O certo é que estes tanques públicos não deixam ainda hoje de ter uma vertente social, pois em várias situações acabam por ser mesmo um local de encontro, onde estas mulheres, na sua maioria com idade superior a 60 anos, trazem uma ou outra peça para lavar e acabam por ficar à conversa com quem ali encontram. “Eu sempre gostei muito de lavar roupa no tanque público. Aqui converso, canto” e não tem dúvidas que a “roupa fica muito mais bem lavada do que na máquina”, afirma Ana Gomes.
Por sua vez, Rosa escolhe o tanque do Parrinho para ali lavar a roupa como aprendeu com a sua mãe. Aos 68 anos, diz que o que mais lhe custa neste tanque é subir os degraus. “As minhas pernas já não me ajudam muito”, mas “arranjo sempre alguém que me ajude ou me venha buscar, quando a roupa é mais pesada”. Esta sanjoanense recorda os tempos em que vinha de madrugada lavar roupa e assegura que não existe um segredo especial, recordando “tempos nem sempre fáceis”, em que “mexia a roupa dentro da bacia com os pés, ficava a demolhar com sabão ou em lixívia e colocávamos depois a roupa a soalhar”.
Luísa Pinho veio de carro. “Venho cá muitas vezes durante o ano, pois existem coisas que a máquina não lava”, que é como quem diz “carpetes e passadeiras grandes. Já estou nas lavagens da Páscoa”, graceja. Tem máquina de lavar em casa, utiliza-a, pois o “tempo não dá para tudo” e é outro conforto. Aos 46 anos, assume que, ao contrário do que muitos possam pensar, os tanques públicos em S. João da Madeira são muito frequentados por populares. “Sempre foram. A minha mãe já cá vinha e sempre que venho encontro pessoas que utilizam este método, principalmente, para pouparem nas contas”.
Na zona das Travessas existe um tanque público mas é muito pouco frequentado pois o seu estado não permite a grandes lavagens.
Se uns partilharam as suas histórias e memórias no prazer que encontraram em lavar roupa à mão em tanques públicos, também encontramos populares que não quiseram prestar declarações a ‘O Regional’, afirmando que “depois ficam todos a saber da nossa vida”.

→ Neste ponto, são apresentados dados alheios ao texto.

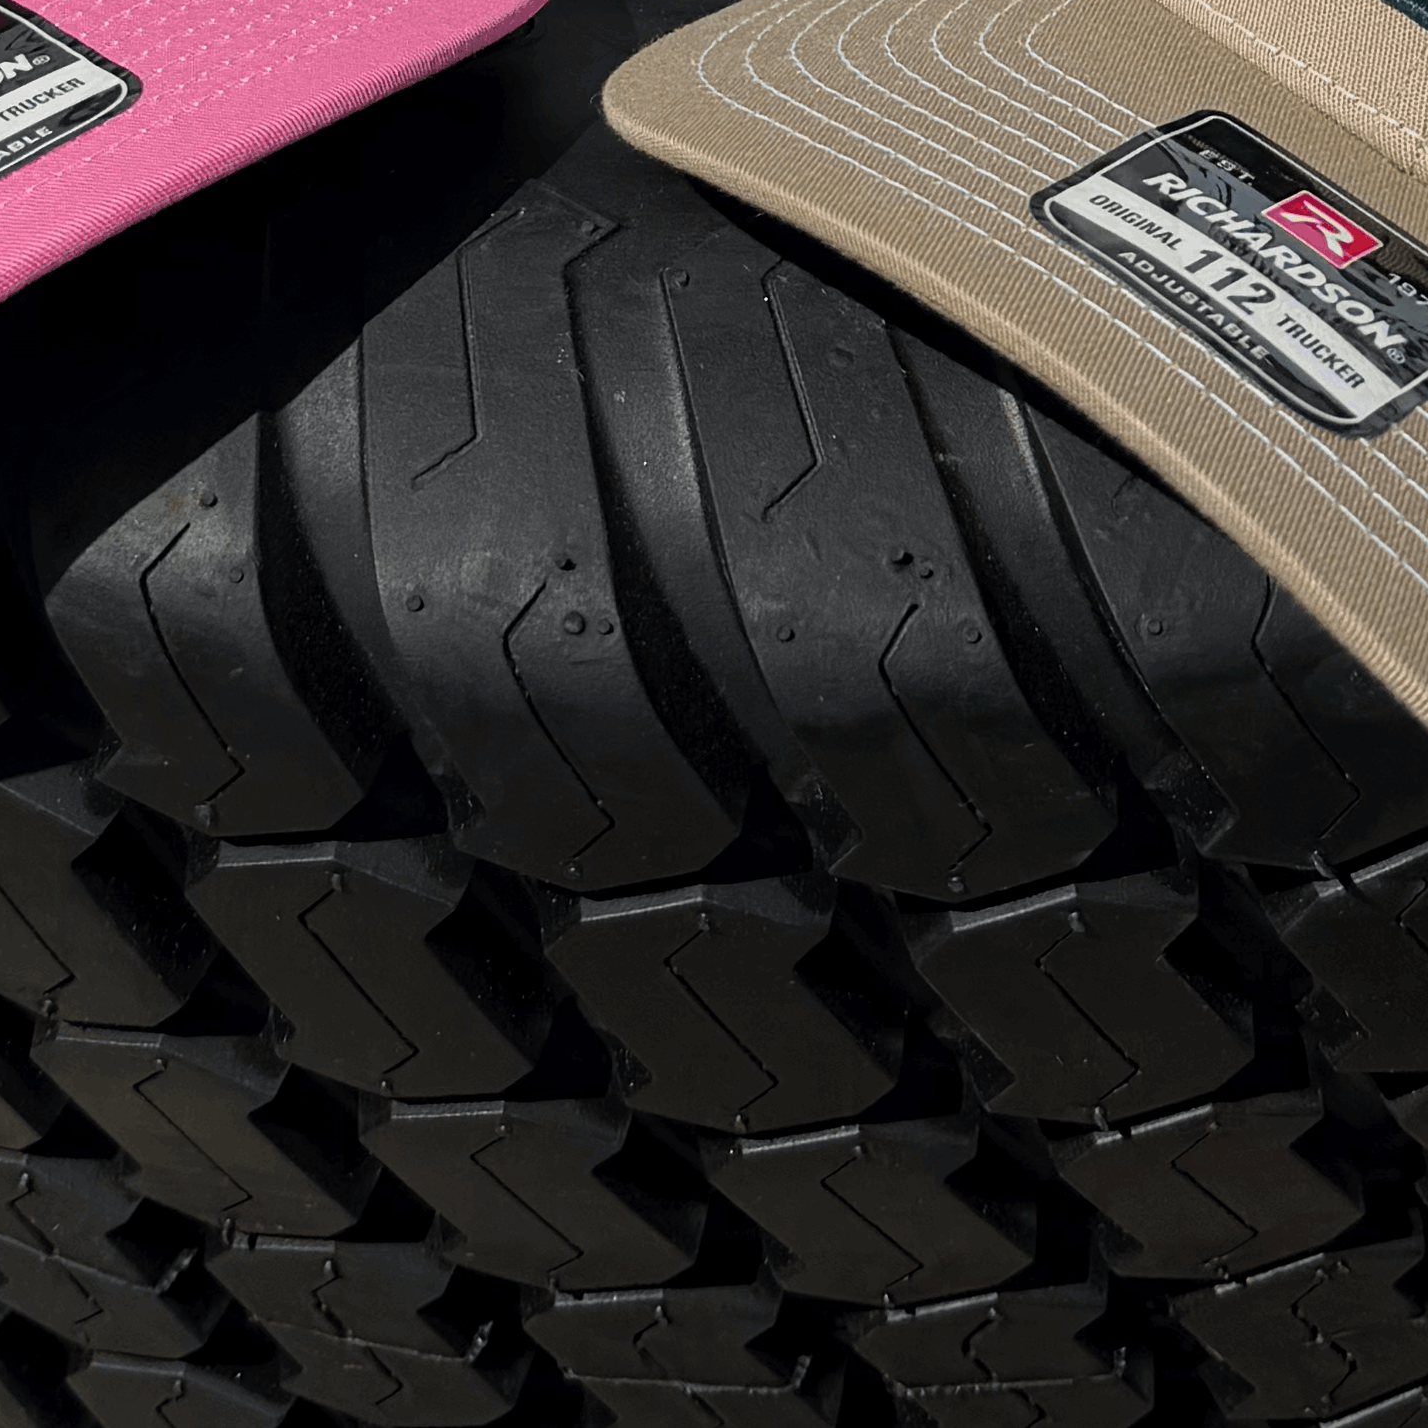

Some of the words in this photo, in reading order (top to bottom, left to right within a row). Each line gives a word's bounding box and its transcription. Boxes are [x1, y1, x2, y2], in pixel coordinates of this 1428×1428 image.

Para o município os lavadouros públicos são “estruturas antigas que, naturalmente, caíram em desuso com o passar dos anos, em especial em meios urbanos por excelência, como é o caso” de S. João da Madeira. Em declarações a ‘ O Regional’ a autarquia assegura ainda que apesar da sua “muito reduzida utilização e da sua antiguidade”, o município tem “intervindo no sentido de manter os lavadouros” referidos em condições que “respeitem o seu uso tradicional, procurando preservar essa marca de outros tempos”.
Quer se queira ou não, estes tanques públicos continuam a fazer parte do património cultural e histórico de S. João da Madeira.